Data listing:
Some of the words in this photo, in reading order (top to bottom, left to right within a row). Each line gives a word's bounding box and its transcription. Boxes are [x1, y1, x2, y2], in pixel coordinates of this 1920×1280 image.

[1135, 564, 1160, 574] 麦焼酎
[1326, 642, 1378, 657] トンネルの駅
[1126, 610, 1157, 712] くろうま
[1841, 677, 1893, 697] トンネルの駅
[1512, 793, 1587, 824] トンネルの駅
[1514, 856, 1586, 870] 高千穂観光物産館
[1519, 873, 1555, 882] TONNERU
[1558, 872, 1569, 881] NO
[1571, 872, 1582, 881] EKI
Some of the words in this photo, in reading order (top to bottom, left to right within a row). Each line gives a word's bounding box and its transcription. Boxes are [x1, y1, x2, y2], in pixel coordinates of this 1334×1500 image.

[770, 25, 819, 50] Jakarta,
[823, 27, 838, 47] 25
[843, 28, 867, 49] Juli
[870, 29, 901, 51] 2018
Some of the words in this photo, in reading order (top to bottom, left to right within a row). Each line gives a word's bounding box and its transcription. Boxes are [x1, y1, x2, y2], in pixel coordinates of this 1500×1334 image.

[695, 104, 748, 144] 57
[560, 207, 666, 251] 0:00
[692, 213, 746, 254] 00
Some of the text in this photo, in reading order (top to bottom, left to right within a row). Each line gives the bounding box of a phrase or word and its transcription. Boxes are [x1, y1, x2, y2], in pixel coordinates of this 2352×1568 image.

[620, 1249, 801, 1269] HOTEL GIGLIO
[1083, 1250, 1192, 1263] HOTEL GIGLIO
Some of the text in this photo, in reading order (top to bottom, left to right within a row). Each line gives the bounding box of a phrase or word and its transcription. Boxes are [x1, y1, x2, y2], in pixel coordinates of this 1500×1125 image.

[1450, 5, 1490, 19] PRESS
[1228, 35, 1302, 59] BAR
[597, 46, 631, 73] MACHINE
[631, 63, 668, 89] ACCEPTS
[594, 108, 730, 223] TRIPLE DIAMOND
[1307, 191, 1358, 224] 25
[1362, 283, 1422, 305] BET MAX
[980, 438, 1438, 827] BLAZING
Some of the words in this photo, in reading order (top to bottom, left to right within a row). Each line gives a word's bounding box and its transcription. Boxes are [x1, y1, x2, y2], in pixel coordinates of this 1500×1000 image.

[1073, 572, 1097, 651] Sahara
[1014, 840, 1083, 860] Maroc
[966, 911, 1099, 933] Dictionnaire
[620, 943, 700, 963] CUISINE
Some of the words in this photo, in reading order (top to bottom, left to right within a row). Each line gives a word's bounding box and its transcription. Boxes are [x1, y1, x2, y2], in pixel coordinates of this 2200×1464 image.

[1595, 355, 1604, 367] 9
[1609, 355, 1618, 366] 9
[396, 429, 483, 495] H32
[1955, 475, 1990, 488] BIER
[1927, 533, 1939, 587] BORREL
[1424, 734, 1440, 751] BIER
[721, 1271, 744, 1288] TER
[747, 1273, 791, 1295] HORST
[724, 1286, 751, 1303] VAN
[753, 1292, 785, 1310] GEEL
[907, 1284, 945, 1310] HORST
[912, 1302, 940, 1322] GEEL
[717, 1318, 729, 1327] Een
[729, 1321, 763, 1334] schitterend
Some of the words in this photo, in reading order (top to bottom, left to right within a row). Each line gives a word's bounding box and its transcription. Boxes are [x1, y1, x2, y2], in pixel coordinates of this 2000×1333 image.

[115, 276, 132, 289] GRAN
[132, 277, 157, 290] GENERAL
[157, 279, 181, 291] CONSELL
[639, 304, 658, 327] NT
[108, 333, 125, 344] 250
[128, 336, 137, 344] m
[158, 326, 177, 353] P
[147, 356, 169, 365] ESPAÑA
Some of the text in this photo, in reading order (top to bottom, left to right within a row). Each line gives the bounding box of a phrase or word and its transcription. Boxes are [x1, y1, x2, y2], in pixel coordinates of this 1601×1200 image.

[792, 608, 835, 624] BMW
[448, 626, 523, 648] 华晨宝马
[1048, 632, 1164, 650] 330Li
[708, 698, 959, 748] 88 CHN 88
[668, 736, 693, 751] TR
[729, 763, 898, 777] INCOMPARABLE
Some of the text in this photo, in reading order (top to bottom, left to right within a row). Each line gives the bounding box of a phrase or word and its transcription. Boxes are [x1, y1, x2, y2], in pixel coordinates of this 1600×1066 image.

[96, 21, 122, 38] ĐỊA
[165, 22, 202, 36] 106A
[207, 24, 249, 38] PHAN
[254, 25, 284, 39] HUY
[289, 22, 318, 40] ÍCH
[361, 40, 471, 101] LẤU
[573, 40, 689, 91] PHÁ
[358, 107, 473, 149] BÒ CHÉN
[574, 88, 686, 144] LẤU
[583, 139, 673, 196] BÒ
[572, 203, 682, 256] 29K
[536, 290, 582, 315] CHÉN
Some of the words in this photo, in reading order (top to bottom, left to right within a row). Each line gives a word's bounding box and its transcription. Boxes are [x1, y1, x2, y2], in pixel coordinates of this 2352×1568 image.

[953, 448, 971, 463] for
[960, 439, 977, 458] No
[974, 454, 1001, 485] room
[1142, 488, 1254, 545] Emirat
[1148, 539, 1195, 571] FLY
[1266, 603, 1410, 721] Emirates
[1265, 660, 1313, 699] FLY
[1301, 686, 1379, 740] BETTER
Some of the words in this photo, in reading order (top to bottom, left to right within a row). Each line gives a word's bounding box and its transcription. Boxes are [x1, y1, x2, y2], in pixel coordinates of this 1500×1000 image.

About this exercise: Repeat the entries above exactly, leaving nothing out.

Your solution:
Some of the words in this photo, in reading order (top to bottom, left to right within a row). Each line gives a word's bounding box and its transcription. Boxes are [x1, y1, x2, y2], in pixel coordinates of this 1920×1280 image.

[1135, 564, 1160, 574] 麦焼酎
[1326, 642, 1378, 657] トンネルの駅
[1126, 610, 1157, 712] くろうま
[1841, 677, 1893, 697] トンネルの駅
[1512, 793, 1587, 824] トンネルの駅
[1514, 856, 1586, 870] 高千穂観光物産館
[1519, 873, 1555, 882] TONNERU
[1558, 872, 1569, 881] NO
[1571, 872, 1582, 881] EKI
Some of the words in this photo, in reading order (top to bottom, left to right within a row). Each line gives a word's bounding box and its transcription. Boxes are [x1, y1, x2, y2], in pixel coordinates of this 1334×1500 image.

[770, 25, 819, 50] Jakarta,
[823, 27, 838, 47] 25
[843, 28, 867, 49] Juli
[870, 29, 901, 51] 2018
Some of the words in this photo, in reading order (top to bottom, left to right within a row). Each line gives a word's bounding box and its transcription. Boxes are [x1, y1, x2, y2], in pixel coordinates of this 1500×1334 image.

[695, 104, 748, 144] 57
[560, 207, 666, 251] 0:00
[692, 213, 746, 254] 00
Some of the text in this photo, in reading order (top to bottom, left to right within a row). Each line gives the bounding box of a phrase or word and its transcription. Boxes are [x1, y1, x2, y2], in pixel coordinates of this 2352×1568 image.

[620, 1249, 801, 1269] HOTEL GIGLIO
[1083, 1250, 1192, 1263] HOTEL GIGLIO
Some of the text in this photo, in reading order (top to bottom, left to right within a row). Each line gives the bounding box of a phrase or word and its transcription. Boxes are [x1, y1, x2, y2], in pixel coordinates of this 1500×1125 image.

[1450, 5, 1490, 19] PRESS
[1228, 35, 1302, 59] BAR
[597, 46, 631, 73] MACHINE
[631, 63, 668, 89] ACCEPTS
[594, 108, 730, 223] TRIPLE DIAMOND
[1307, 191, 1358, 224] 25
[1362, 283, 1422, 305] BET MAX
[980, 438, 1438, 827] BLAZING
Some of the words in this photo, in reading order (top to bottom, left to right within a row). Each line gives a word's bounding box and its transcription. Boxes are [x1, y1, x2, y2], in pixel coordinates of this 1500×1000 image.

[1073, 572, 1097, 651] Sahara
[1014, 840, 1083, 860] Maroc
[966, 911, 1099, 933] Dictionnaire
[620, 943, 700, 963] CUISINE
Some of the words in this photo, in reading order (top to bottom, left to right within a row). Each line gives a word's bounding box and its transcription. Boxes are [x1, y1, x2, y2], in pixel coordinates of this 2200×1464 image.

[1595, 355, 1604, 367] 9
[1609, 355, 1618, 366] 9
[396, 429, 483, 495] H32
[1955, 475, 1990, 488] BIER
[1927, 533, 1939, 587] BORREL
[1424, 734, 1440, 751] BIER
[721, 1271, 744, 1288] TER
[747, 1273, 791, 1295] HORST
[724, 1286, 751, 1303] VAN
[753, 1292, 785, 1310] GEEL
[907, 1284, 945, 1310] HORST
[912, 1302, 940, 1322] GEEL
[717, 1318, 729, 1327] Een
[729, 1321, 763, 1334] schitterend
Some of the words in this photo, in reading order (top to bottom, left to right within a row). Each line gives a word's bounding box and its transcription. Boxes are [x1, y1, x2, y2], in pixel coordinates of this 2000×1333 image.

[115, 276, 132, 289] GRAN
[132, 277, 157, 290] GENERAL
[157, 279, 181, 291] CONSELL
[639, 304, 658, 327] NT
[108, 333, 125, 344] 250
[128, 336, 137, 344] m
[158, 326, 177, 353] P
[147, 356, 169, 365] ESPAÑA
Some of the text in this photo, in reading order (top to bottom, left to right within a row). Each line gives the bounding box of a phrase or word and its transcription. Boxes are [x1, y1, x2, y2], in pixel coordinates of this 1601×1200 image.

[792, 608, 835, 624] BMW
[448, 626, 523, 648] 华晨宝马
[1048, 632, 1164, 650] 330Li
[708, 698, 959, 748] 88 CHN 88
[668, 736, 693, 751] TR
[729, 763, 898, 777] INCOMPARABLE
Some of the text in this photo, in reading order (top to bottom, left to right within a row). Each line gives the bounding box of a phrase or word and its transcription. Boxes are [x1, y1, x2, y2], in pixel coordinates of this 1600×1066 image.

[96, 21, 122, 38] ĐỊA
[165, 22, 202, 36] 106A
[207, 24, 249, 38] PHAN
[254, 25, 284, 39] HUY
[289, 22, 318, 40] ÍCH
[361, 40, 471, 101] LẤU
[573, 40, 689, 91] PHÁ
[358, 107, 473, 149] BÒ CHÉN
[574, 88, 686, 144] LẤU
[583, 139, 673, 196] BÒ
[572, 203, 682, 256] 29K
[536, 290, 582, 315] CHÉN
Some of the words in this photo, in reading order (top to bottom, left to right within a row). Each line gives a word's bounding box and its transcription. Boxes are [x1, y1, x2, y2], in pixel coordinates of this 2352×1568 image.

[953, 448, 971, 463] for
[960, 439, 977, 458] No
[974, 454, 1001, 485] room
[1142, 488, 1254, 545] Emirat
[1148, 539, 1195, 571] FLY
[1266, 603, 1410, 721] Emirates
[1265, 660, 1313, 699] FLY
[1301, 686, 1379, 740] BETTER
Some of the words in this photo, in reading order (top to bottom, left to right within a row). Each line gives a word's bounding box and its transcription. Boxes are [x1, y1, x2, y2], in pixel coordinates of this 1500×1000 image.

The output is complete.